ISU professors research vaccine for AIDS

Rachel Sinn

April 2012 will mark 25 years since President Ronald Reagan declared AIDS as public health enemy No. 1. Iowa State is fortunate enough to have a faculty member working on a vaccine to prevent humans from contracting the disease altogether.

Dr. Michael Cho, associate professor of Biomedical Sciences, has been closely researching HIV-1 for much of his career in hopes of developing a vaccine.

AIDS is a disease of the immune system and is characterized by increased ability to be harmed by opportunistic infections caused by the retrovirus HIV. It can be transmitted through blood or blood products that enter the body’s bloodstream and especially by sexual contact or contaminated hypodermic needles.

“We are focusing on eliciting humoral immunity. A vaccine would be cost effective, and it’s at the level of prevention rather than treatment,” Cho said. “We’re working on a vaccine for humans, but we use small animals to evaluate the immune response.

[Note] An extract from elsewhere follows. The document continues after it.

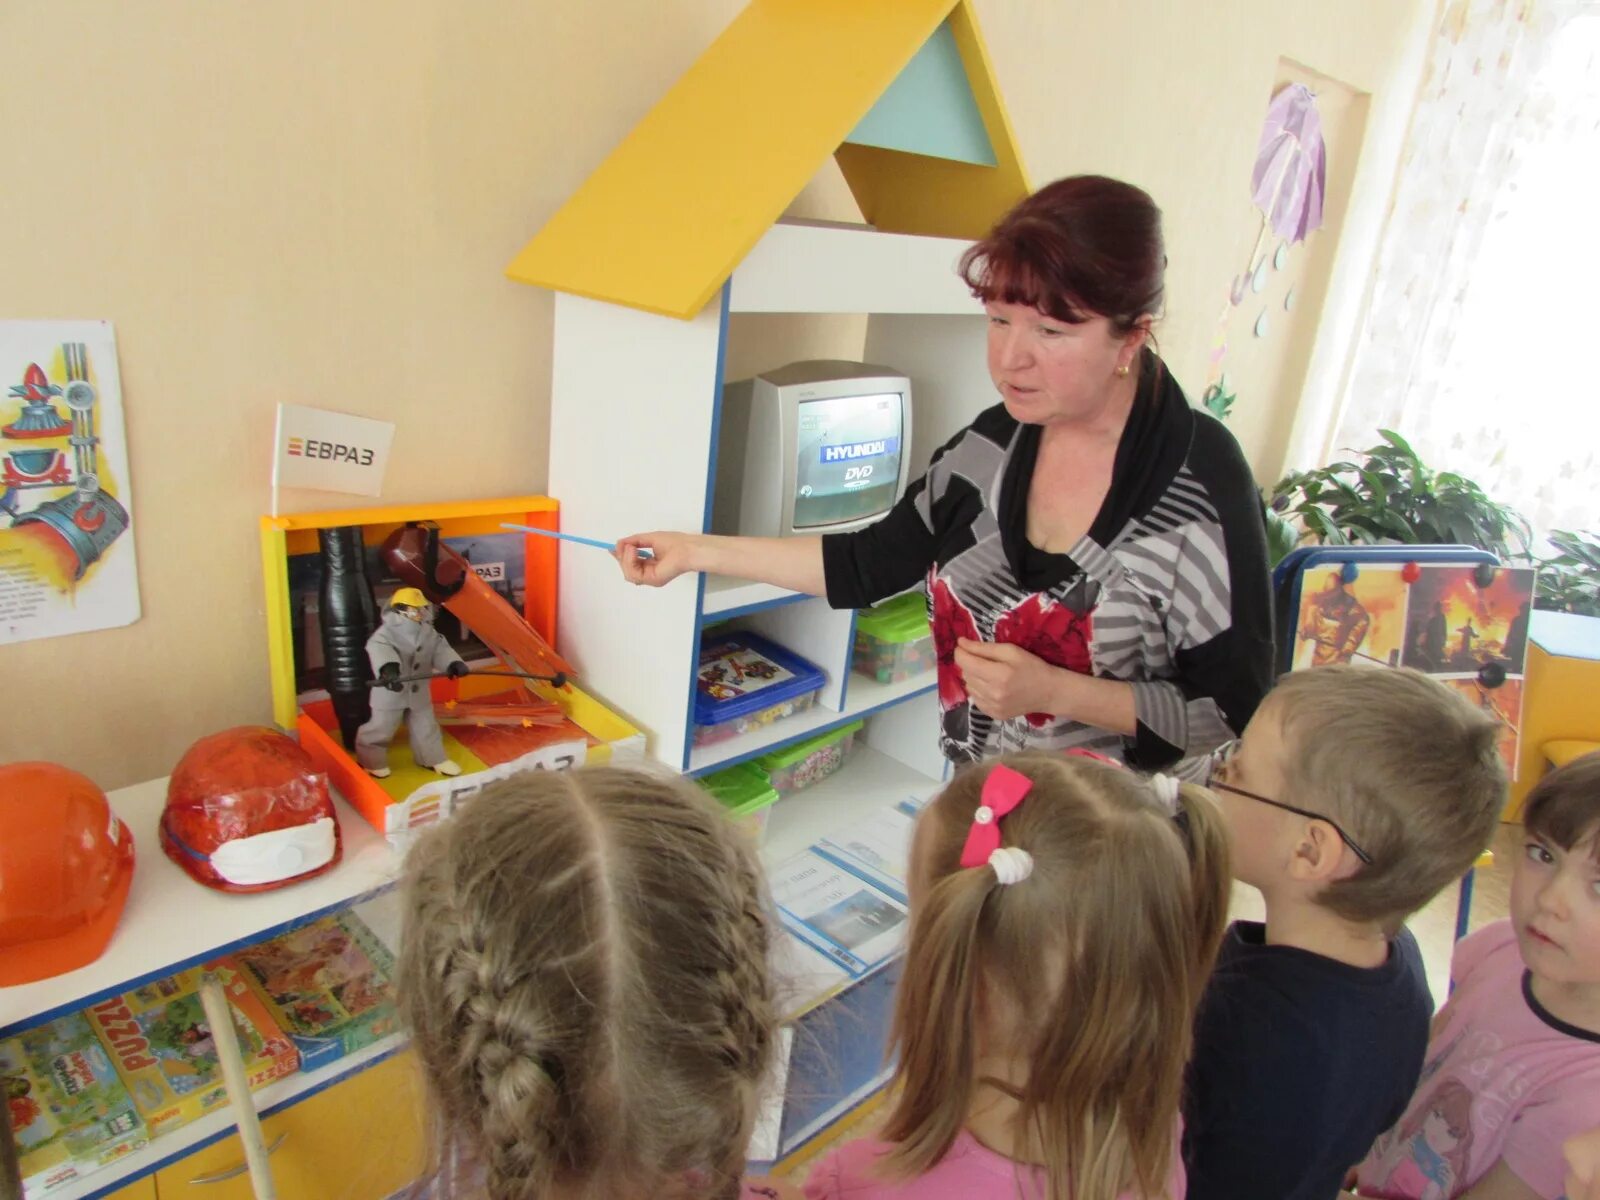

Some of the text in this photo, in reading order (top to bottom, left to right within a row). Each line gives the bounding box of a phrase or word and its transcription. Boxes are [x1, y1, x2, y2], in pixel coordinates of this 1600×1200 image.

[305, 439, 375, 466] ЕВРАЗ
[826, 440, 886, 461] HYUNDAI
[845, 465, 874, 480] DVD
[475, 566, 501, 578] РАЗ

The goal is to induce the immune response that will recognize all types of the virus, that’s where the difficulty is.”

Cho explained that once a good immune response is found in the mice and rabbits, primates are then evaluated for their immune responses before researchers are able to try anything on humans.

“The pandemic started in the early 1980s. Fortunately, scientists have developed many drugs that can prevent the virus from replicating,” Cho said.

HIV-1 patients take this medication so the drugs can hold off the virus from replicating. However, if patients stop taking these medications, the virus will be able to replicate again, which Cho pointed out is not very practical.

“So you would have to take drugs throughout your entire life, which can be very costly and there are many side effects,” Cho said. “The death rate has gone down, because of the drugs, but the problem is there are many more patients in the developing worlds that can’t spend $10,000 on drugs.”

Cho expressed his frustration with society’s lack of commitment to funding more research to develop a cure or a vaccine.

“It’s like insurance, no one likes paying insurance until they get into an accident,” Cho said. “When it comes to diseases, as long as they’re not infected, they don’t really want to invest in it until they realize they might be at risk to get infected.”

Cho has taken steps to further research in Iowa by initiating a program project grant of $7 million in conjunction with the University of Iowa and other schools to try and collaborate and develop a vaccine for HIV-1.

But beyond research, prevention education is vital to keep the nation healthy, Cho said.

Susan Carpenter, professor in animal science, using virology research studies the equine infectious anemia virus which is related to HIV-1. It is an animal model of HIV-1.

“Both HIV-1 and [anemia virus] are highly variable retroviruses that cause lifelong persistent infections in their host,” Carpenter said. Carpenter studies the strategies the anemia virus uses to invade the host immune response and persist in the host.

“I’m not aware of what ISU is currently doing to educate people on HIV/AIDS,” Carpenter said. “I think people in the U.S. have been fairly well educated on general aspects of HIV/AIDS, transmission and anti-viral drugs. They may be less well-informed about the current research/progress to date.”

“HIV as well as any other sexually transmitted diseases are problems, so the university needs to make sure that infectious disease education is taught to students who are sexually active,” Cho said. “It’s an equal opportunity disease; it can affect you regardless of your sexual orientation, your gender, your race or economic status.”

Carpenter acknowledges the progress made in vaccine design and the encouraging results from a recent vaccine trial. However, she agrees a vaccine is still years away.

“New research areas are focused on eliminating all viruses from an infected host, but a cure for HIV-1 infected people will not be in the near future,” Carpenter said.